Open quininer opened 2 years ago

quininer commented 2 years ago

I noticed some cases where Cow<str> is not enough.

For example, decoding a struct with a short lifetime reader requires a memory allocation for each fields name. This is unnecessary, because we only need to judge whether the key is as expected, and we don't need to use it. Also, the automatic allocation of memory on the heap makes it difficult for us to improve this.
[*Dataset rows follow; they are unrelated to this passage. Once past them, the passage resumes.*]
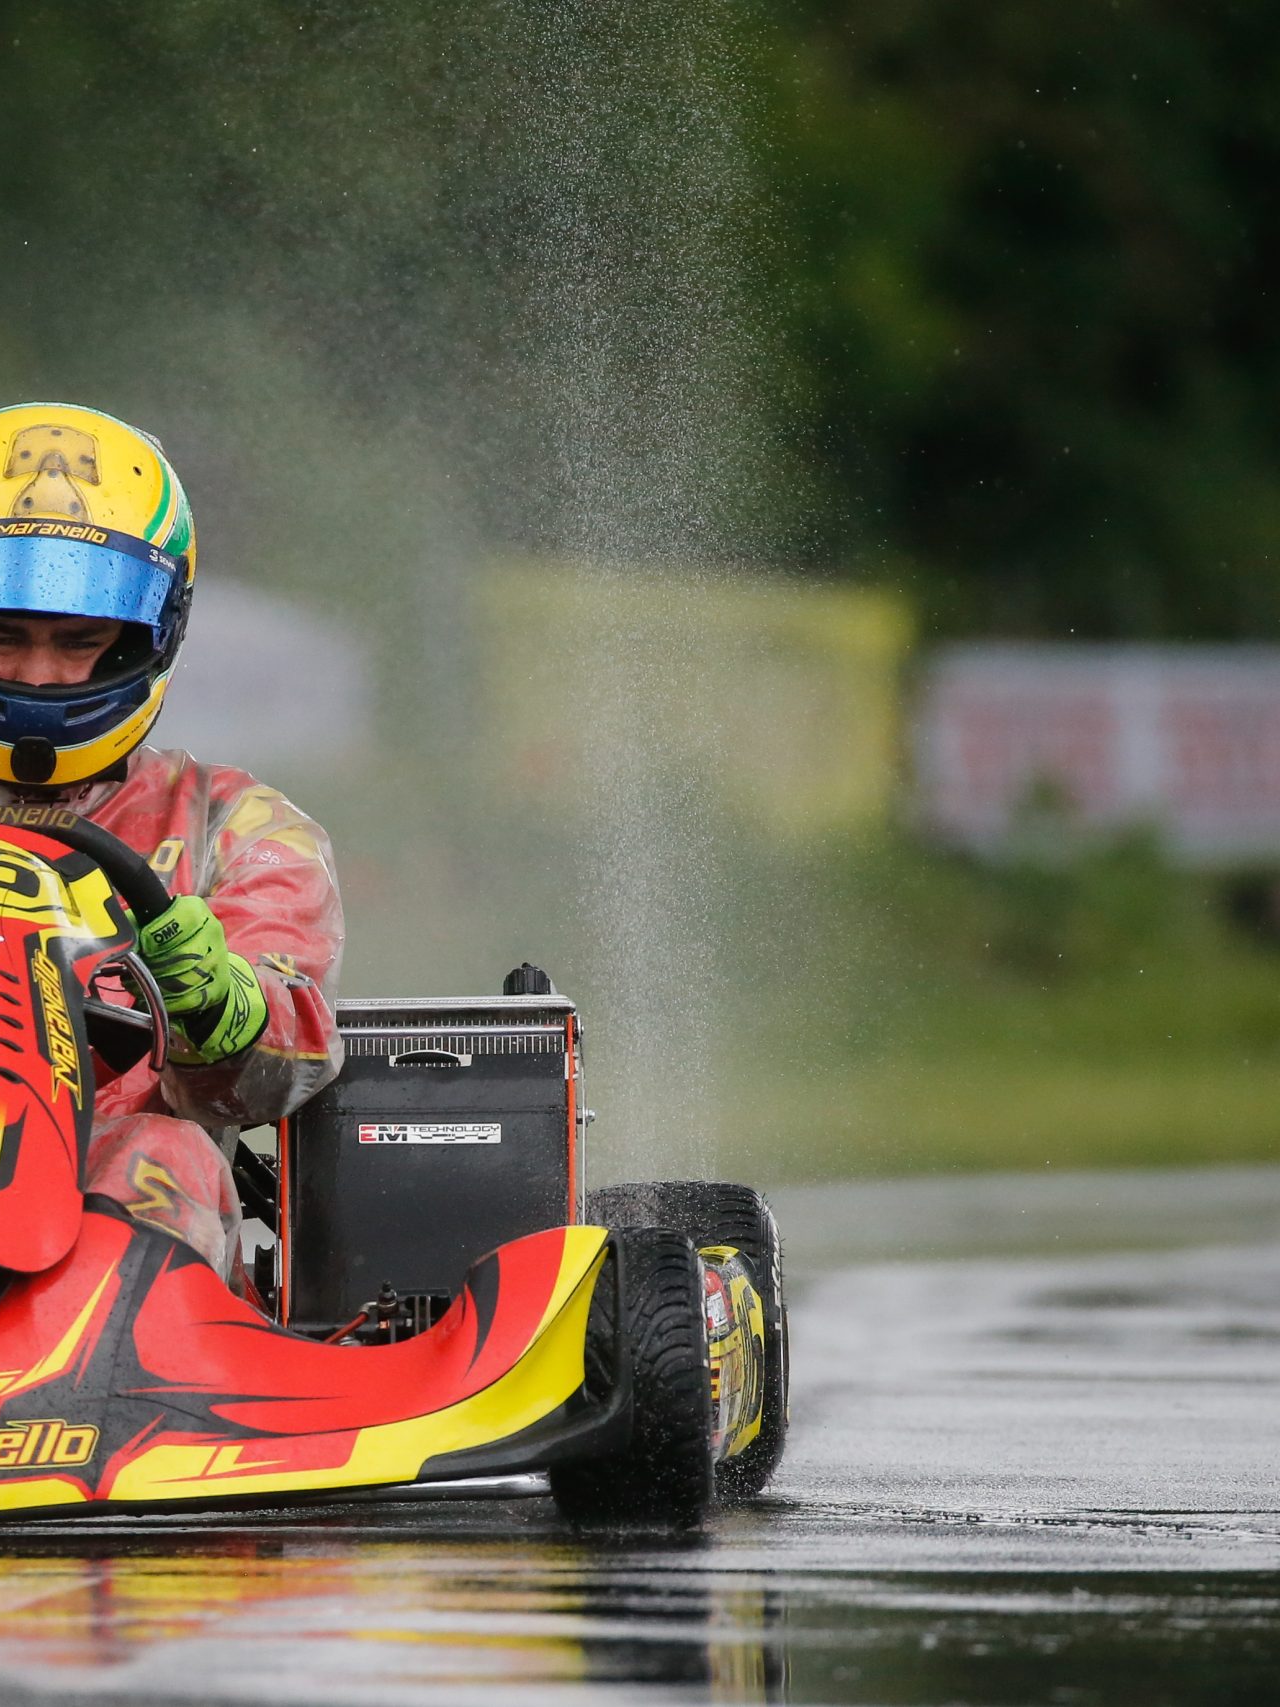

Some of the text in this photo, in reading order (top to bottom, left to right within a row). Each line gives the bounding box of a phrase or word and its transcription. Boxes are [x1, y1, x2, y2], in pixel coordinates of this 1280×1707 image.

[153, 920, 180, 945] OMP
[360, 1125, 500, 1142] EM TECHNOLOGY
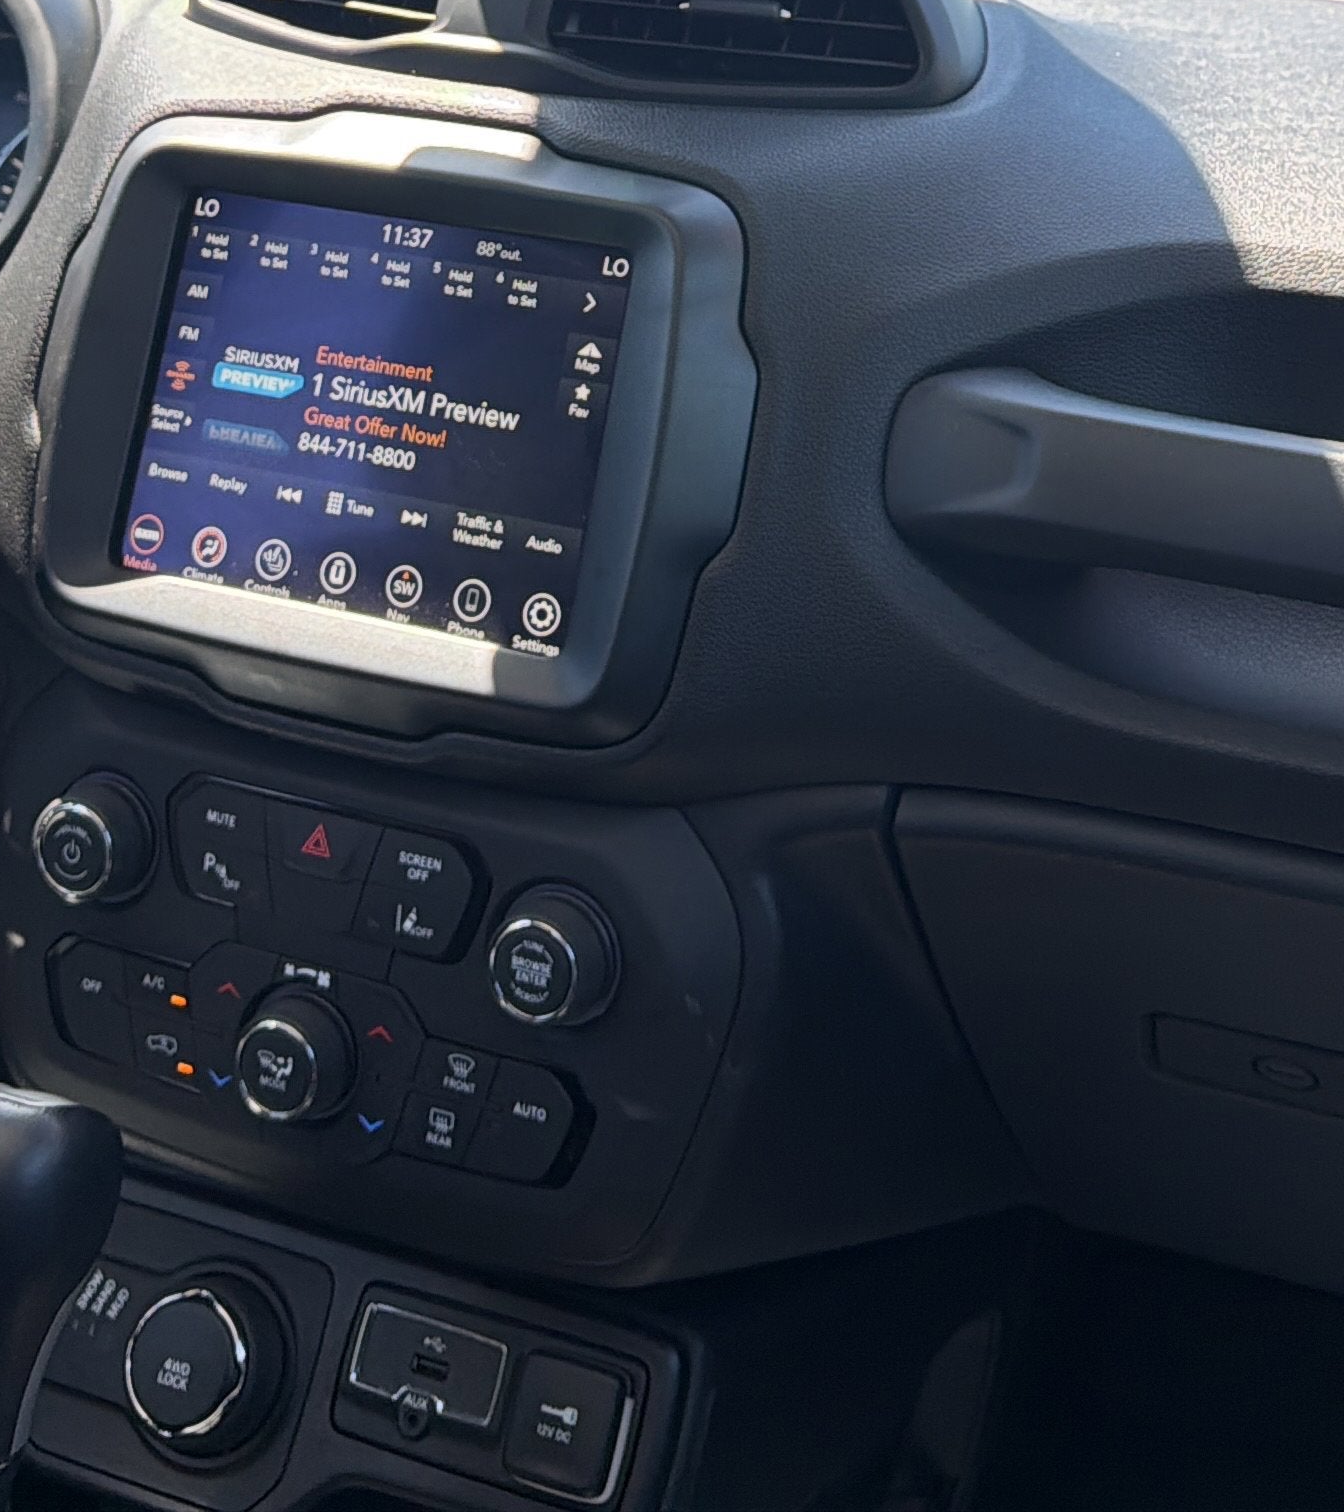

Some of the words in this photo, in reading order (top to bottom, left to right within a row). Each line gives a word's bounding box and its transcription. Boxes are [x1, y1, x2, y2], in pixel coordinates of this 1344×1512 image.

[194, 196, 221, 218] LO
[192, 226, 199, 237] 1
[205, 233, 230, 247] Hold
[249, 234, 259, 247] 2
[382, 223, 434, 249] 11:37
[265, 241, 289, 256] Hold
[309, 243, 319, 255] 3
[324, 250, 350, 265] Hold
[370, 252, 380, 264] 4
[386, 259, 411, 274] Hold
[433, 262, 442, 274] 5
[448, 269, 473, 283] Hold
[602, 256, 630, 278] LO
[496, 271, 505, 284] 6
[512, 278, 538, 294] Hold
[187, 284, 209, 299] AM
[178, 325, 199, 342] FM
[224, 346, 300, 373] SIRIUSXM
[315, 345, 434, 383] Entertainment
[574, 358, 600, 375] Map
[220, 368, 295, 392] PREVIEW
[152, 403, 184, 420] Source
[312, 373, 323, 397] 1
[329, 375, 426, 414] SiriusXM
[429, 393, 520, 431] Preview
[568, 403, 589, 419] Fav
[151, 417, 180, 433] Select
[304, 406, 351, 431] Great
[355, 415, 397, 439] Offer
[401, 423, 448, 448] Now!
[297, 432, 416, 471] 844-711-8800
[148, 462, 188, 482] Browse
[209, 473, 247, 495] Replay
[346, 499, 374, 517] Tune
[457, 511, 492, 532] Traffic
[494, 519, 504, 534] &
[453, 528, 503, 551] Weather
[525, 535, 563, 555] Audio
[123, 554, 158, 571] Media
[182, 566, 224, 585] Climate
[244, 579, 291, 598] Controls
[393, 580, 416, 597] SW
[386, 608, 411, 624] Nav
[447, 620, 485, 639] Phone
[512, 634, 560, 657] Settings
[206, 809, 237, 829] MUTE
[399, 850, 442, 872] SCREEN
[407, 868, 429, 882] OFF
[511, 955, 552, 973] BROWSE
[80, 977, 102, 993] OFF
[142, 972, 165, 991] A/C
[515, 968, 547, 988] ENTER
[258, 1073, 287, 1092] MODE
[443, 1075, 476, 1094] FRONT
[512, 1101, 547, 1122] AUTO
[425, 1131, 453, 1148] REAR
[163, 1357, 191, 1376] 4WD
[156, 1370, 188, 1393] LOCK
[403, 1392, 428, 1411] AUX
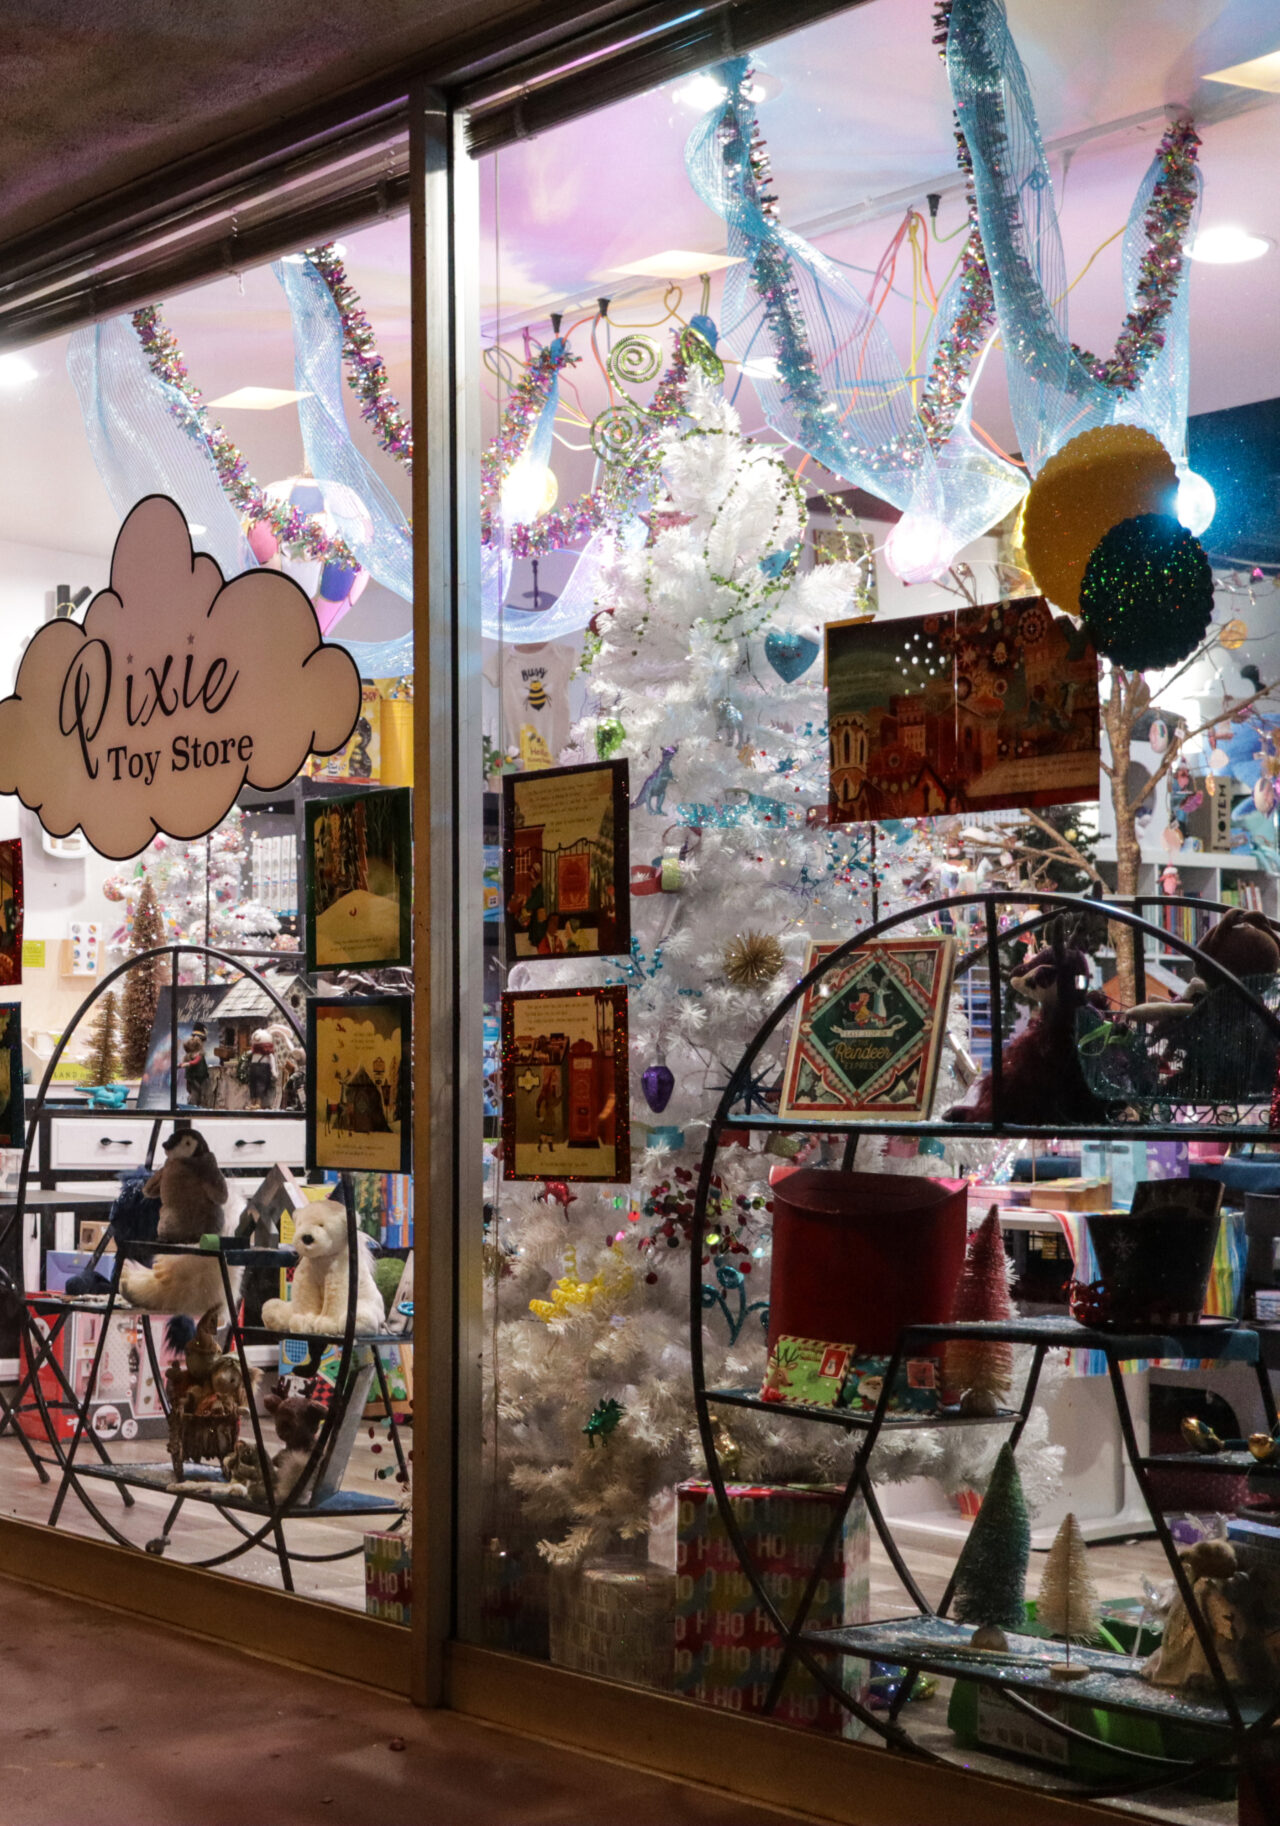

I'm thinking of exposing the decode_buf interface in some form to get around this.

Change Decode trait

I considered changing the Decode trait to allow this optimization. like

trait Decode<'de, T> {
    fn decode<R: Read<'de>>(&mut self, reader: &mut R) -> Result<T, Error>;
}

This allows decoding the object without allocating any memory, just identifying if it is as expected. will look like this

struct Expect<'a> {
    expect: &'a str,
    count: usize
}

impl<'de> Decode<'de, bool> for Expect<'a> {
    fn decode<R: Read<'de>>(&mut self, reader: &mut R) -> Result<T, Error> {
        let mut result = true;
        while let Some(want_len) = self.expect.len().checked_sub(self.count) {
            let buf = reader.fill(want_len)?;
            if buf.is_empty() { return Err(Error::Eof) };
            let len = cmp::min(buf.len(), want_len);
            if self.expect.as_bytes()[self.count..][..len] != buf {
                result = true;
                break
            }
            self.count += len;
            reader.advance(len);
        }
        Ok(result)
    }
}

This also allows for more precise memory allocations, such as decode bytes to stack

struct StackVec([u8; 1024]);

impl<'de> Decode<'de, &[u8]> for StackVec {
    fn decode<R: Read<'de>>(&mut self, reader: &mut R) -> Result<T, Error> {
        let mut len = decode_len(reader)?;
        let mut count = 0;
        while len != 0 {
            let buf = reader.fill(len)?;
            let buf_len = buf.len()
            if buf_len + count > self.0.len() { return Err(Error::Eof) };
            self.0[count..][..buf_len)].copy_from_slice(&buf);
            count += buf_len;
            reader.advance(buf_len);
        }
        Ok(&self.0[..count])
    }
}
quininer commented 2 years ago

I realize that for such use cases, we don't need to use traits, just use separate functions.